(Records from a collection)

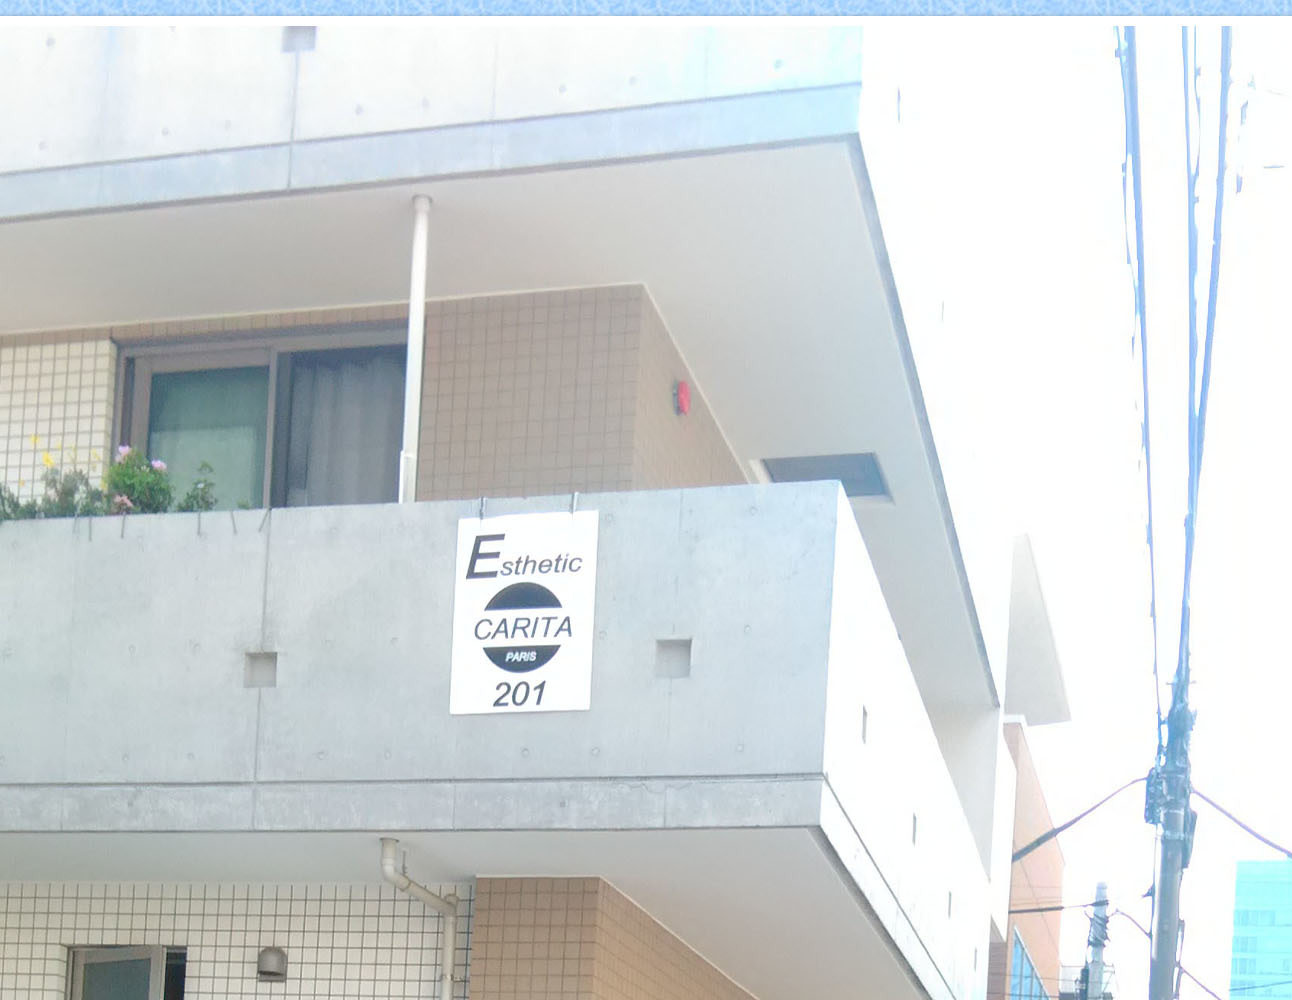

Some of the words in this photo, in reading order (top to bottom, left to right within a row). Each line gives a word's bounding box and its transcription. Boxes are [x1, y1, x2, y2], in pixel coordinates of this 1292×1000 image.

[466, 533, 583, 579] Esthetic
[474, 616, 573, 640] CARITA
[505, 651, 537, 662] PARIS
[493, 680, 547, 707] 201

[TASK GOAL]
No pictures belong in the copy; output every record exactly.

[FINISHED EXERCISE]
Some of the words in this photo, in reading order (top to bottom, left to right within a row). Each line gives a word's bounding box and its transcription. Boxes are [x1, y1, x2, y2], in pixel coordinates of this 1292×1000 image.

[466, 533, 583, 579] Esthetic
[474, 616, 573, 640] CARITA
[505, 651, 537, 662] PARIS
[493, 680, 547, 707] 201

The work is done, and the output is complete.